And then I understood too. The battle with the Hariris. The magic we created. That violence, it all spilled into the ocean. This was all the magic-sickness. This was clams growing out of the side of the Tanarau, this was blood staining the walls of the Ayel’s Revenge, this was Queen Saida’s garden house collapsing into jungle plants in the middle of her garden. All that left over magic sank to the floor and brought forth this city, this whole civilization, with a king and a court, with soldiers and soothsayers. Life.
The third piece of the puzzle.
Once I understood what had happened, I felt the curse dissolve away. There was a sharp and sudden crack, like what I felt when I kissed Naji back on the Isles of the Sky, and then there was only a lightness, an absence of weight. This was northern magic, after all, unknowable and strange – we might have created life during the battle, but the curse had stayed in place until this moment, when Naji learned, when we both learned, that the third task wasn’t impossible. Completing the task wasn’t what broke the curse, it was learning that the impossible wasn’t really impossible at all.
Naji burst out of the school of fish, his clothes and hair fluttering around him. “Thank you,” he said to the King. “Your hospitality is most kind.” He seemed back to himself. My head was reeling from what I’d just figured out. It’s gone, his curse is gone.
The King looked confused. “No,” he said. “I am thanking you.”
He lowered himself to the ocean floor, and then so did all the rest of the courtiers, until everyone, every fish and clam and eel in the Court of the Waves, was bowing to me and Naji.
Naji’s face was full of light. He wasn’t smiling, but he was happy, and his eyes were gleaming, and his hand looped in mine and squeezed tight as we kicked our feet there in the water. I pressed against him and held his hand as tight as I could. Music was pouring through the hall – not like the music up on land, but this soft creeping echo, like the reedy melody of a flute.

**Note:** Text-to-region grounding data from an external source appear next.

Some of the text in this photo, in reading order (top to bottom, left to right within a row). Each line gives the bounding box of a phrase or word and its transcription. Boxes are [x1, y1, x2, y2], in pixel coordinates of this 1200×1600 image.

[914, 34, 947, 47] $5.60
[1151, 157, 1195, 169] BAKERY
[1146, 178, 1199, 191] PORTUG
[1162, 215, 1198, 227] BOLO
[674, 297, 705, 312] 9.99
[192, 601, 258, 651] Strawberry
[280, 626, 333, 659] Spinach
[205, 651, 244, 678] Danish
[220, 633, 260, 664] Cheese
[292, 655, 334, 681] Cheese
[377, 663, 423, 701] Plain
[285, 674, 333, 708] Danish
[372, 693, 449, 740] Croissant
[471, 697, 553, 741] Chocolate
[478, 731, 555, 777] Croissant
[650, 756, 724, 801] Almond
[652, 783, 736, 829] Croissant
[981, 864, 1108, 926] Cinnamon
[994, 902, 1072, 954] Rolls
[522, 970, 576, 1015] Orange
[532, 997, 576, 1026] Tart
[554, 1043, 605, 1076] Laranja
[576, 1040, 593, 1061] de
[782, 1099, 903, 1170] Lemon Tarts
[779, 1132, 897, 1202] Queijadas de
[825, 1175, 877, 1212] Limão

“Is it true?” I murmured to him, wanting to feel his body close to mine, wanting to hear him say it even though I already knew for certain, even though I could feel that the weight of the curse had drained away from him. “Is it broken?”

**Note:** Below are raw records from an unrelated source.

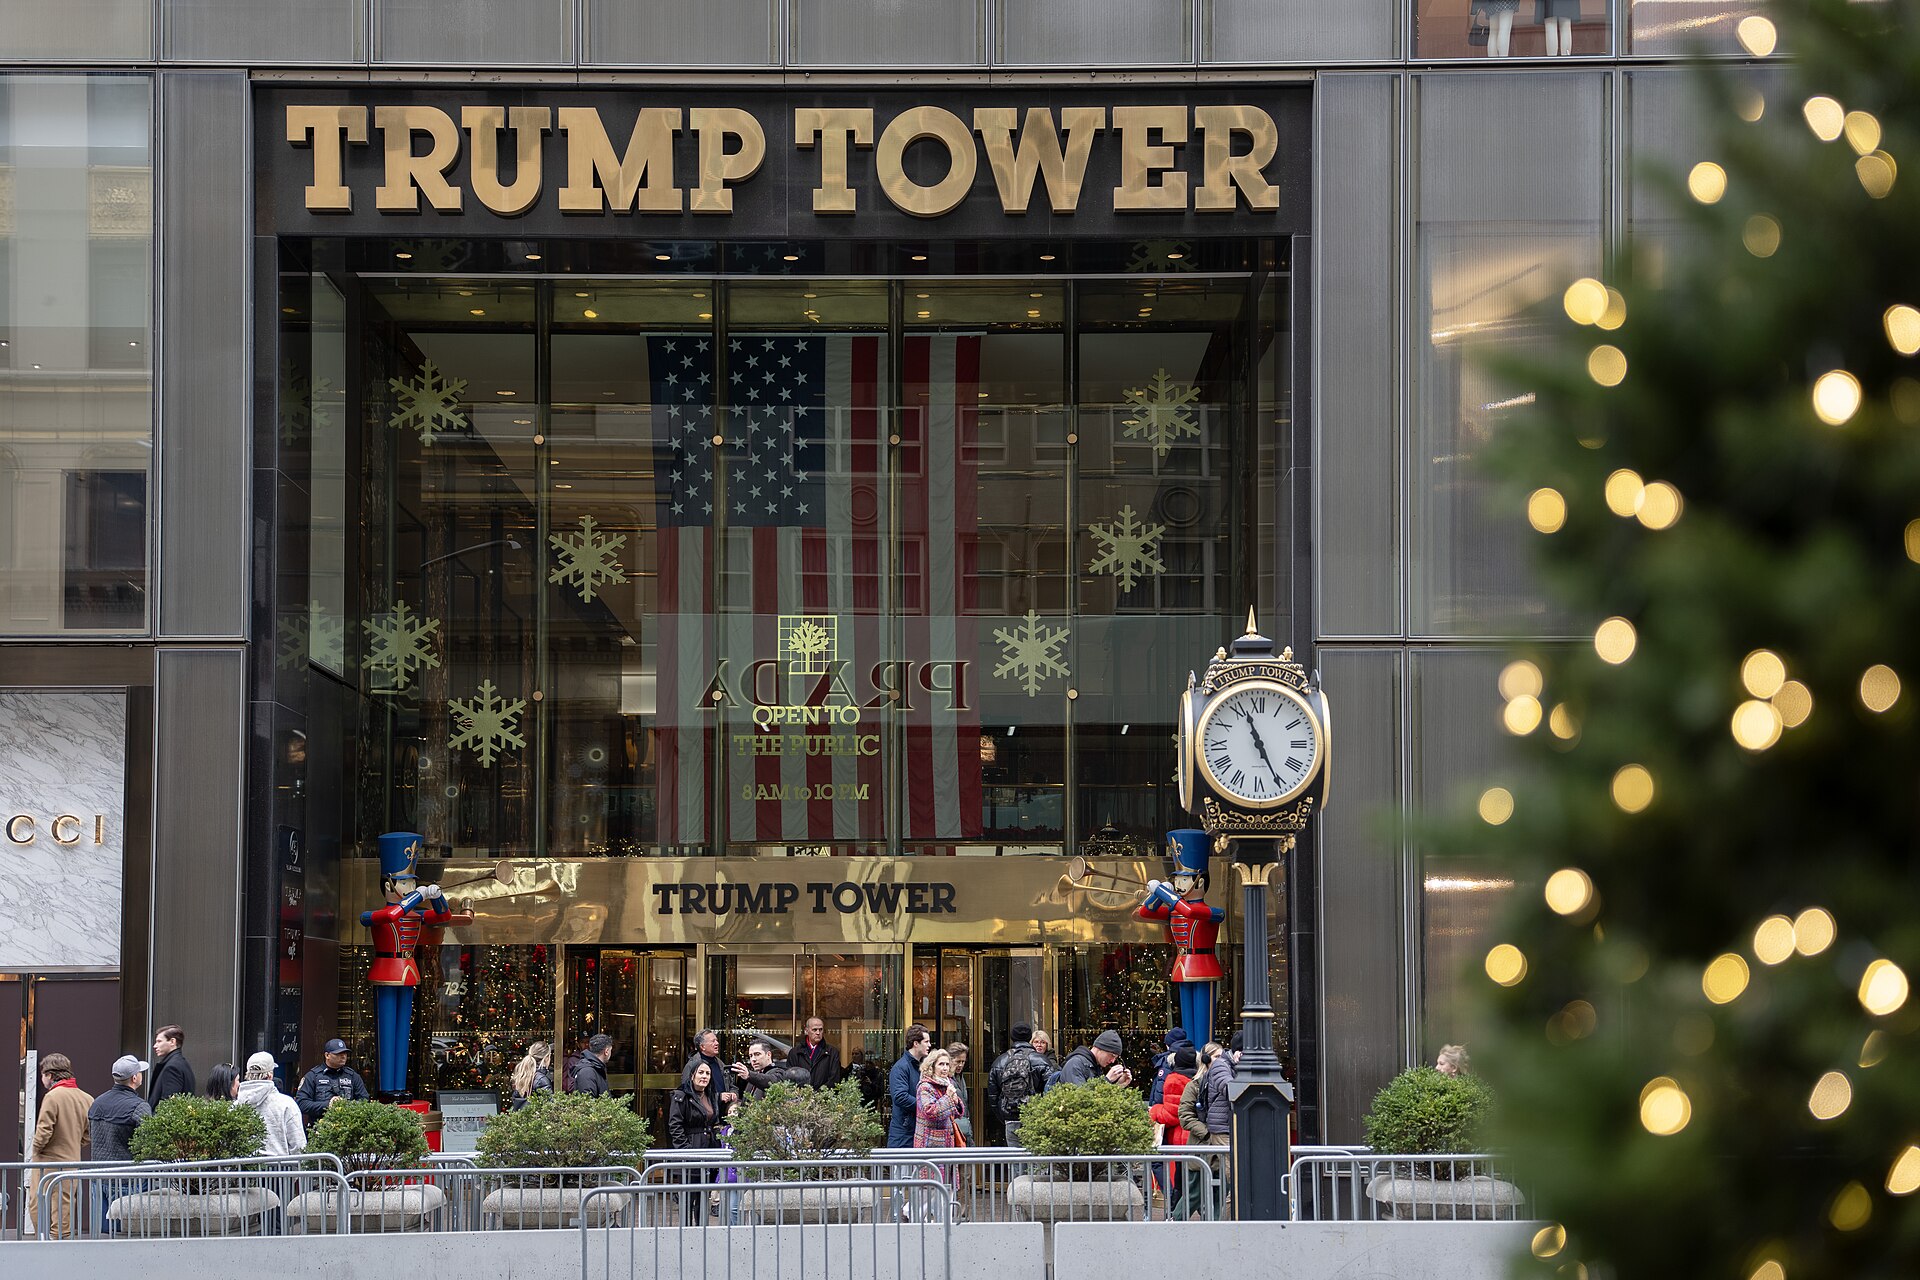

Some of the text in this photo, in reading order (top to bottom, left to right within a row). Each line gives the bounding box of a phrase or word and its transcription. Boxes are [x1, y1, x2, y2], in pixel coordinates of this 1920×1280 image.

[286, 105, 1280, 217] TRUMP TOWER
[1216, 666, 1298, 685] TRUMP TOWER
[752, 705, 861, 726] OPEN TO
[733, 735, 880, 756] THE PUBLIC
[742, 784, 870, 800] 8 AM to 10 PM
[652, 881, 957, 915] TRUMP TOWER
[443, 981, 469, 996] 725
[1139, 980, 1166, 994] 725
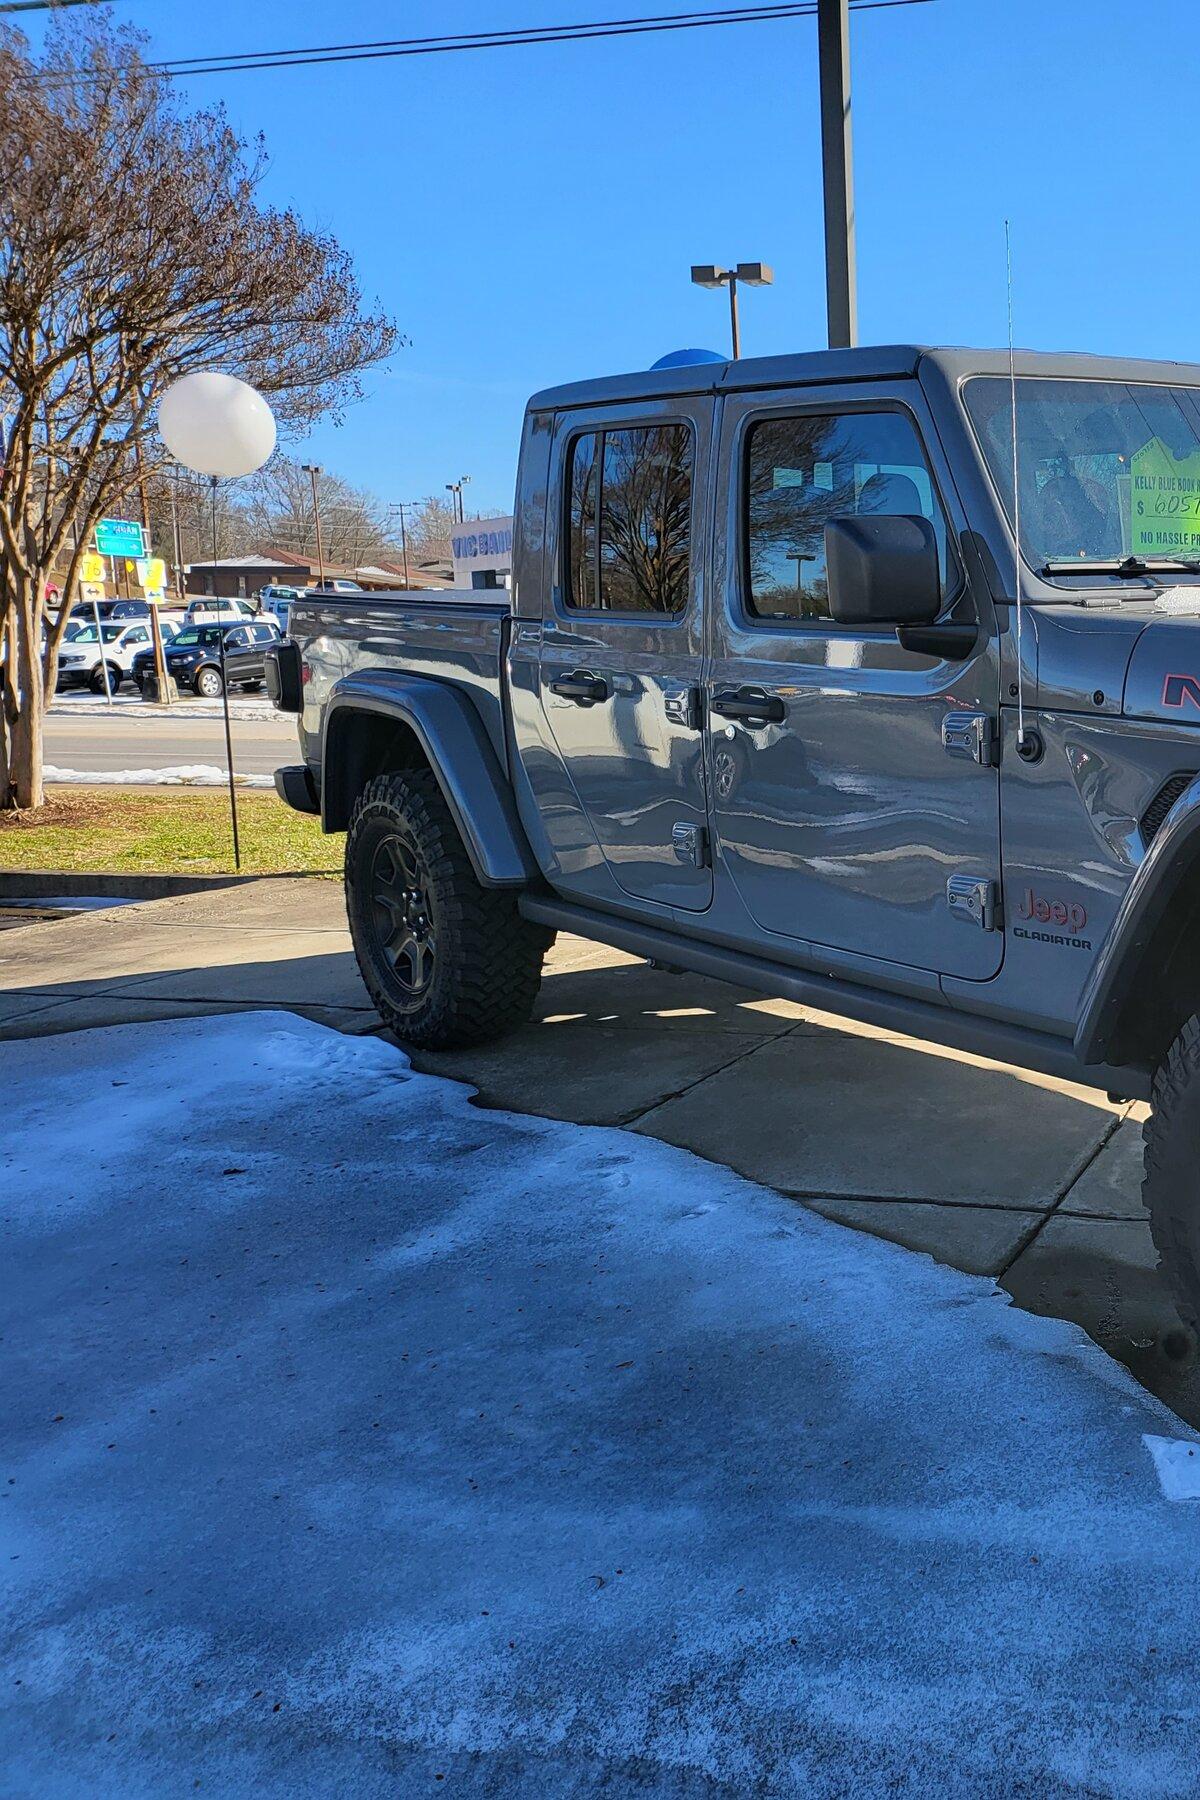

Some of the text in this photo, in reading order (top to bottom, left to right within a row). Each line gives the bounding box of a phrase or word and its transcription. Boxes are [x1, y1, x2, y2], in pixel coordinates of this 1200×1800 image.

[1135, 475, 1156, 490] KELLY
[1159, 475, 1176, 491] BLUE
[1178, 477, 1195, 492] BOOK
[1137, 500, 1144, 516] $
[452, 535, 477, 559] VIC
[1141, 531, 1153, 543] NO
[1156, 532, 1189, 545] HASSLE
[1017, 888, 1087, 934] Jeep
[1013, 927, 1092, 951] GLADIATOR

“It’s broken.” His hand squeezed mine. The King rose back up, solemn-faced and grateful, and the rest of the courtiers followed. The water churned from their movement.
“You’re free,” I said.
“Yes,” Naji said. His hand gripped mine so tightly my fingers ached. “Free of the curse.”
The King was smiling at us. Water rushed into my head and out through the gills in my neck.
“We broke it,” Naji said. “I didn’t know until I understood, but we broke it.”
CHAPTER SEVENTEEN
The King of Salt and Foam gave us gifts: sacks of pearls, vials of Armand’s potion that granted breath underwater, hard pink shells lashed together into strange clattering sculptures. They were brought in by a school of fish, all those tiny silvery bodies buoying up the gifts as they swam beside the King.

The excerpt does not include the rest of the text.